Everything Everywhere All at Once, the mad multiverse comedy-drama starring Michelle Yeoh, is continuing its winning streak.
Last night at the Critics Choice Awards, the film, which was written and directed by Daniel Kwan and Daniel Scheinert, won Best Picture, Best Supporting Actor (Ke Huy Quan), Best Director, Best Original Screenplay and Best Editing, and was nominated for several more awards.
Then, at the Golden Globes last week, Everything Everywhere All at Once was nominated for Best Film (musical or comedy), Best Screenplay, Best Director and Best Supporting Actress, and the film won Best Supporting Actor (Ke Huy Quan) and Best Actress (Michelle Yeoh).

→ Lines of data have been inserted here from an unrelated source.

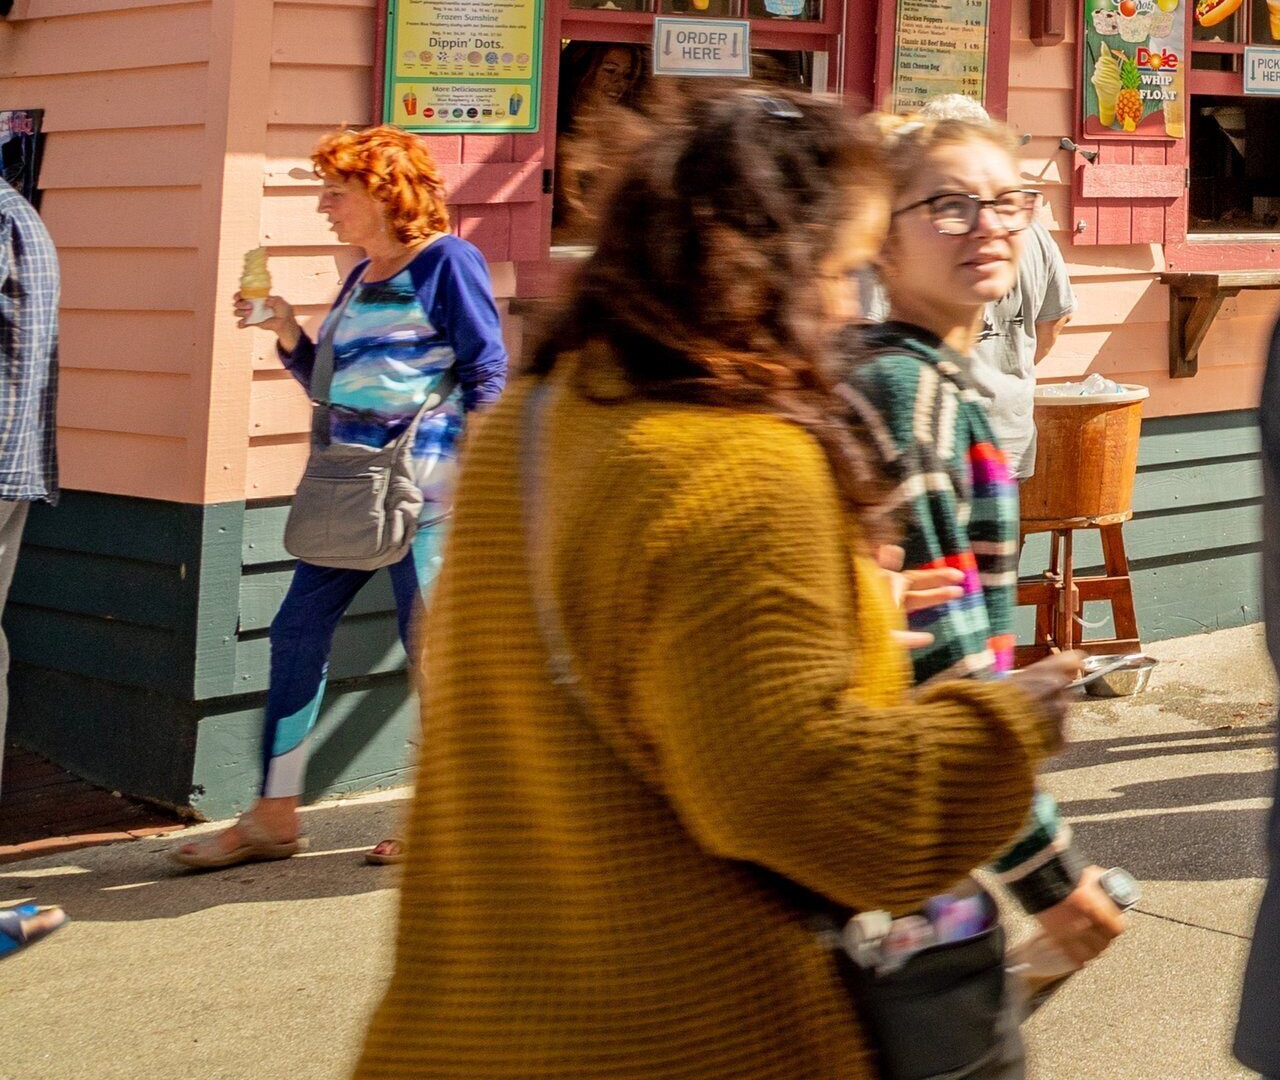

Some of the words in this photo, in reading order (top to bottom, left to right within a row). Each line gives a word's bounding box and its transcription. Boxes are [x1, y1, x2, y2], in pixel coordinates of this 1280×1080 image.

[429, 38, 471, 49] Dippin'
[475, 39, 504, 49] Dots.
[676, 31, 728, 45] ORDER
[682, 47, 721, 60] HERE
[1136, 48, 1178, 68] Dole
[1141, 74, 1173, 85] WHIP
[1139, 89, 1176, 100] FLOAT
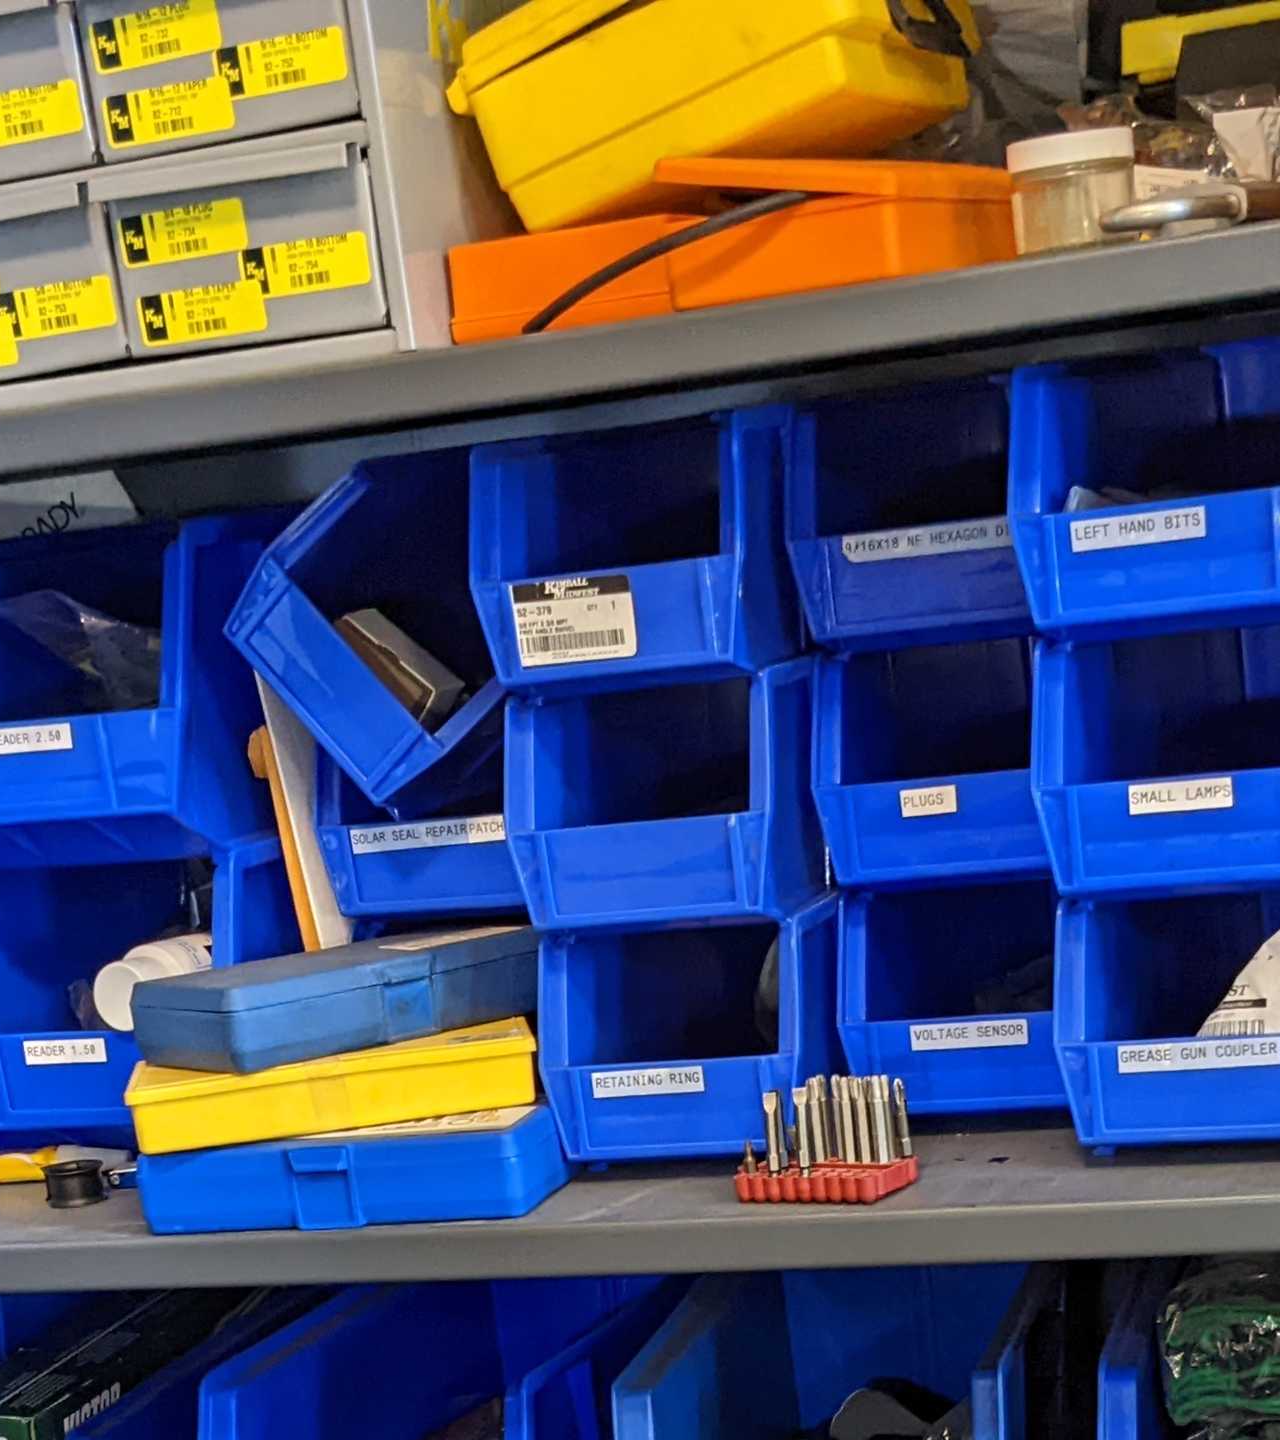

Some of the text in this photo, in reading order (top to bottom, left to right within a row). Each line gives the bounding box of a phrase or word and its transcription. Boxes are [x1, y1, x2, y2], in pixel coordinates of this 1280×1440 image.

The film follows the story of a woman who discovers that she needs to connect with parallel universe versions of herself to battle a being that is threatening to destroy the multiverse. It’s been making waves for being unpredictable, zany and brilliant fun and it’s been bringing the independent film studio, A24, to the attention of a wider audience.
The film also became A24’s first film to make $100 million globally. Everything Everywhere All at Once has pulled in more than A24’s previous top global earners Hereditary (which made $80 million), Lady Bird ($78 million), Moonlight ($65 million) and Uncut Gems ($50 million).
Since launching in 2012, A24 has been going from strength to strength. The studio, which was founded by film industry stalwarts Daniel Katz, David Fenkel and John Hodges, began by distributing films A Glimpse Inside the Mind of Charles Swan III and then Spring Breakers.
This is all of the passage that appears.